En outre, il n'est pas contesté que le contrat est signé par la société Eseh qui s'engage également pour ses affiliées, et que la société Citec est une des sociétés affiliées telle que définie au contrat qui a commandé les colonnes à la société Bérard en vertu du contrat du 22 juillet 2009. En l'espèce, d'une part, le contrat fait naître des droits et obligations entre d'une part la société Berard et d'autre part la société Eseh et ses affiliées dont la société Citec, et, d'autre part, la société Citec a exécuté le contrat en commandant à la société Bérard les colonnes objets du contrat. Dès lors, la clause compromissoire dudit contrat, qui s'étend aux parties directement impliquées dans son exécution et aux litiges pouvant en résulter, s'applique également aux litiges opposant la société Citec, filiale de la société mère Eseh, et la société Berard, la société Citec ayant manifestement accepté les termes de cette clause, pour avoir exécuté ce contrat et en avoir accepté les termes.

De même, en application de l'article 1443 ancien du Code de procédure civile, applicable en l'espèce pour les motifs exposés ci-dessus, la clause compromissoire litigieuse expose clairement les modalités de désignation du tribunal arbitral en faisant référence à l'application des règles d'arbitrage de la chambre de commerce internationale, et des modalités de désignation d'arbitres qu'elle définit.

Enfin, la société Berard n'établit pas que la clause est déséquilibrée, par le seul fait que les parties recourent à un tribunal arbitral pour régler leurs différends.
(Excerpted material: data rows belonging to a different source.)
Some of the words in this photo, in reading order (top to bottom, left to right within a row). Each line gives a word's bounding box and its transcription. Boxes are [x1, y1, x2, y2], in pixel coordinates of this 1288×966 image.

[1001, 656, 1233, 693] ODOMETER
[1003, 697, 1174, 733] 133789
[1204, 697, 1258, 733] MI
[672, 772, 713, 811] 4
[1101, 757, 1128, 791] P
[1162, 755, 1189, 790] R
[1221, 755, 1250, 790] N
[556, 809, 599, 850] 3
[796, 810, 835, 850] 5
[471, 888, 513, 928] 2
En effet, l'utilisation de la langue anglaise ne peut être invoquée utilement par celle-ci, le contrat liant les parties étant lui-même rédigé en anglais et ce recours à la langue anglaise, langue communément utilisée dans le monde des affaires, ne crée pas en soi un déséquilibre entre les parties. Par ailleurs, le coût d'une telle procédure ne peut là encore être valablement invoqué, la société Berard ne démontrant pas être dans l'incapacité financière d'y faire face.
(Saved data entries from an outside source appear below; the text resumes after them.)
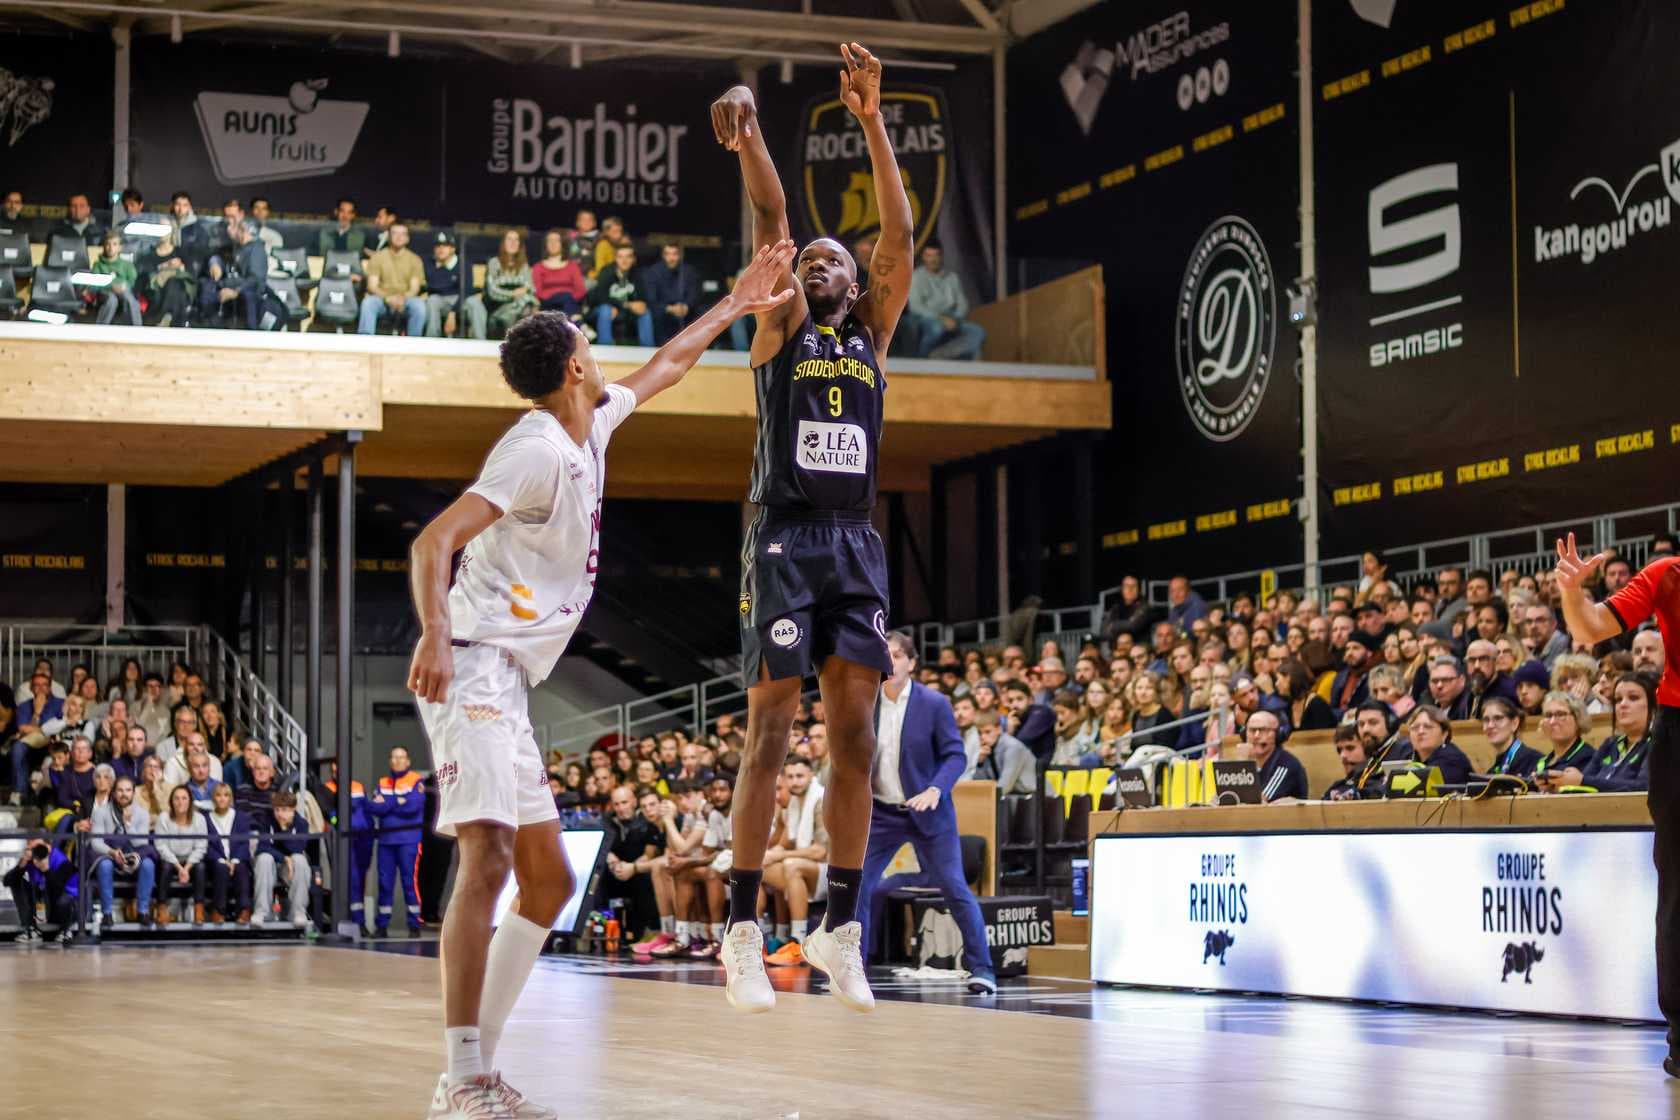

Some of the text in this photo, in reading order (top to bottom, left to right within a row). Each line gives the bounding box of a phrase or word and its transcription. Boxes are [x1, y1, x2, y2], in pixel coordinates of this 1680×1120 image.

[223, 110, 298, 137] AUNIS
[487, 98, 511, 174] Groupe
[271, 135, 327, 163] fruits
[513, 98, 688, 183] Barbier
[805, 124, 945, 162] ROCHLAIS
[513, 176, 680, 207] AUTOMOBILES
[1535, 196, 1671, 264] kangourou
[1370, 323, 1463, 367] SAMSIC
[828, 386, 843, 417] 9
[827, 427, 860, 452] LÉA
[805, 450, 860, 467] NATURE
[774, 626, 795, 638] RAS
[1216, 768, 1255, 785] koesio
[1201, 853, 1236, 877] GROUPE
[1497, 852, 1545, 880] GROUPE
[997, 906, 1037, 922] GROUPE
[1190, 882, 1248, 924] RHINOS
[1482, 886, 1562, 936] RHINOS
[985, 920, 1052, 947] RHINOS
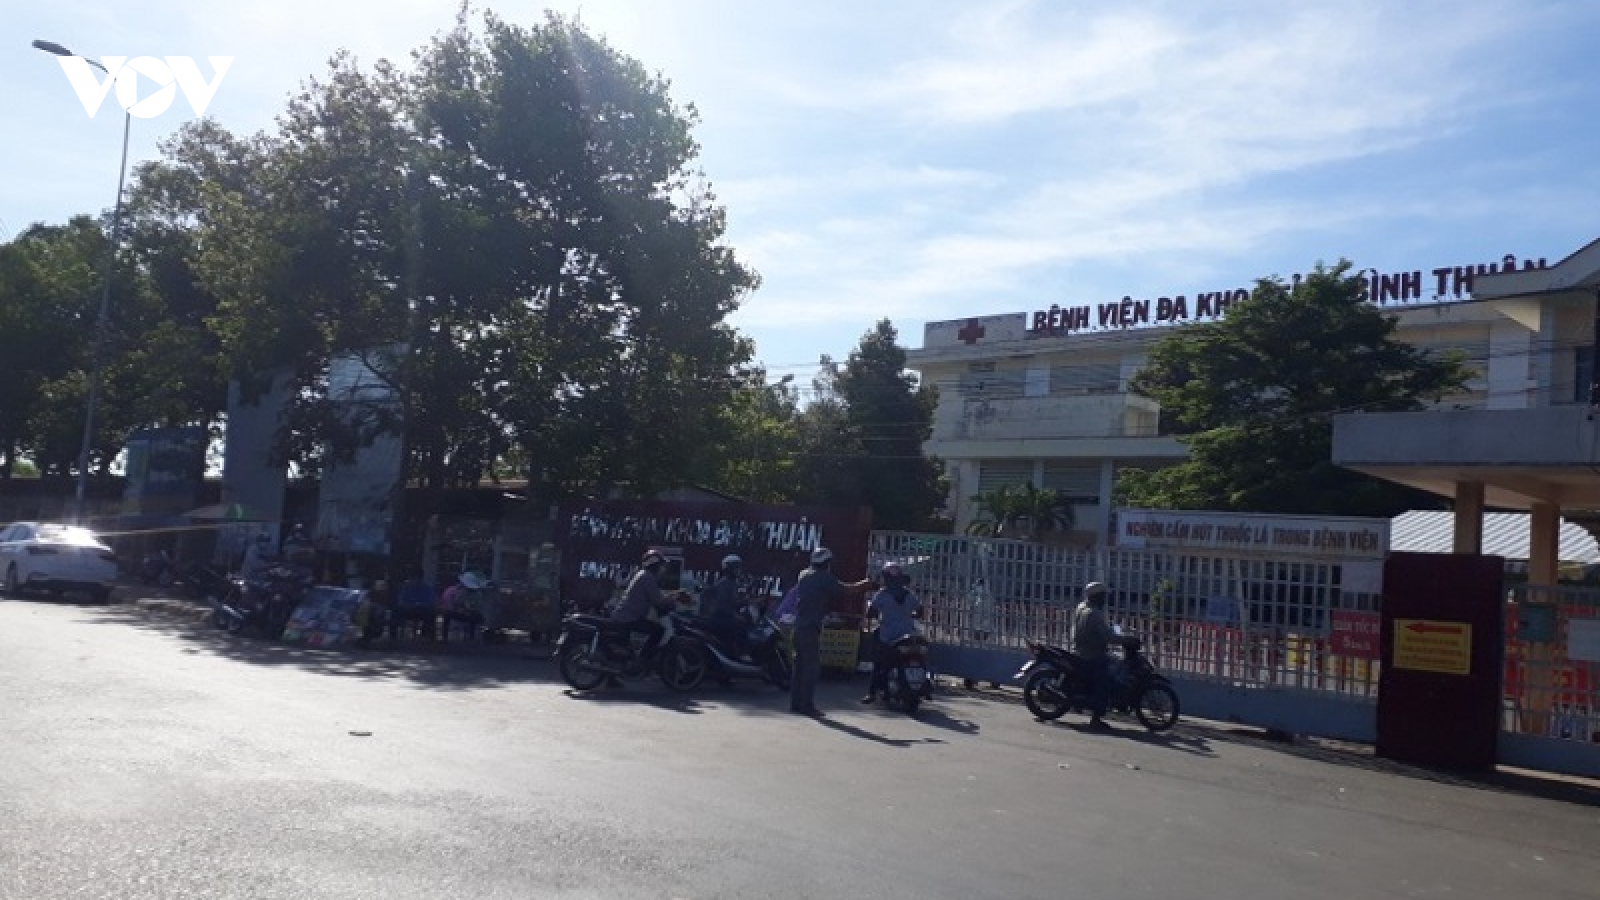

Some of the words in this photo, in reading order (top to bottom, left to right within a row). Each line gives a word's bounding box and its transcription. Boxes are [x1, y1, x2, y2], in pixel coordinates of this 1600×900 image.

Dans ces conditions, il y a lieu de déclarer les juridictions étatiques incompétentes pour trancher le litige soumis par la société Berard devant elles.
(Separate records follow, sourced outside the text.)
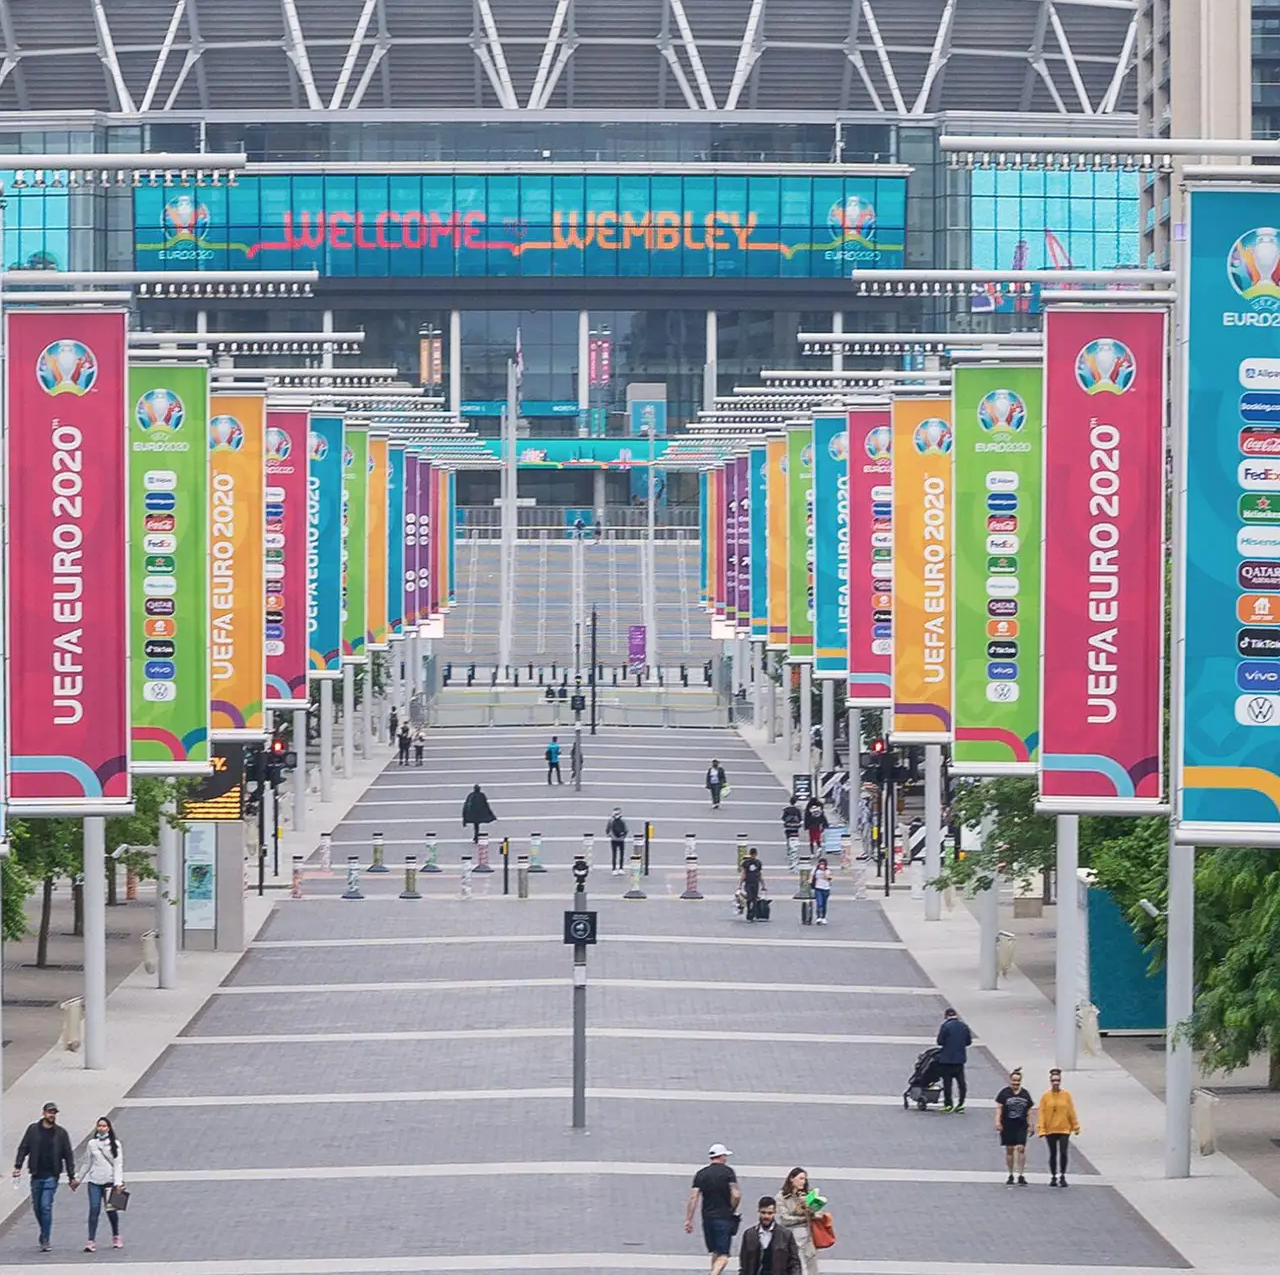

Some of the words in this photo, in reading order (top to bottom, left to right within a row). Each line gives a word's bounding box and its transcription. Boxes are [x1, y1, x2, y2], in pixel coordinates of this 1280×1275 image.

[283, 210, 487, 249] WELCOME
[552, 210, 758, 249] WEMBLEY
[53, 426, 84, 519] 2020
[213, 473, 235, 538] 2020
[1090, 425, 1121, 518] 2020
[924, 476, 945, 541] 2020
[53, 525, 84, 625] EURO
[212, 540, 234, 609] EURO
[924, 544, 946, 613] EURO
[1089, 524, 1120, 624] EURO
[54, 628, 84, 725] UEFA
[212, 613, 234, 680] UEFA
[924, 616, 946, 683] UEFA
[1088, 628, 1119, 725] UEFA
[1245, 671, 1278, 681] vivo
Sur la demande de dommages-intérêts pour procédure abusive formulée par les sociétés Eseh et Citec

L'exercice d'une action en justice ne dégénère en abus que s'il constitue un acte de malice ou de mauvaise foi, ou s'il s'agit d'une erreur grave équipollente au dol. L'appréciation inexacte qu'une partie se fait de ses droits n'est pas constitutive en soi d'une faute.

Les sociétés Eseh et Citec ne rapportent pas la preuve de ce que l'action de la société Berard aurait dégénéré en abus. Elles doivent être déboutées de leur demande de dommages-intérêts. Le jugement doit être infirmé en ce qu'il a réservé la demande formée de ce chef.

Sur les dépens et l'application de l'article 700 du Code de procédure civile

Le sens du présent arrêt conduit à confirmer le jugement sur les dépens mais à l'infirmer sur l'application qui y a été faite des dispositions de l'article 700 du Code de procédure civile, le jugement ayant réservé la demande sur ce point.

La société Berard doit être condamnée aux dépens d'appel, ainsi qu'à payer aux sociétés Eseh et Citec par application de l'article 700 du Code de procédure civile les sommes de 20.000 euros au titre des frais irrépétibles de première instance et de 5.000 euros au titre des frais irrépétibles en cause d'appel.

Le sens du présent arrêt conduit à rejeter la demande formulée par la société Berard par application de l'article 700 du Code de procédure civile.

Par ces motifs LA COUR, Confirme le jugement sauf en ce qu'il a réservé les demandes formées au titre de la procédure abusive et des frais irrépétibles ; L'infirmant sur ce point ; Statuant à nouveau ; Déboute les sociétés Eseh et Citec de leurs demandes de dommages-intérêts pour procédure abusive ; Condamne la société Berard à payer aux sociétés Eseh et Citec par application de l'article 700 du Code de procédure civile la somme de 20.000 euros au titre des frais irrépétibles de première instance ; Y ajoutant ; Condamne la société Berard aux dépens d'appel, ainsi qu'à payer aux sociétés Eseh et Citec par application de l'article 700 du Code de procédure civile la somme de 5.000 euros au titre des frais irrépétibles en cause d'appel ; Rejette toute autre demande.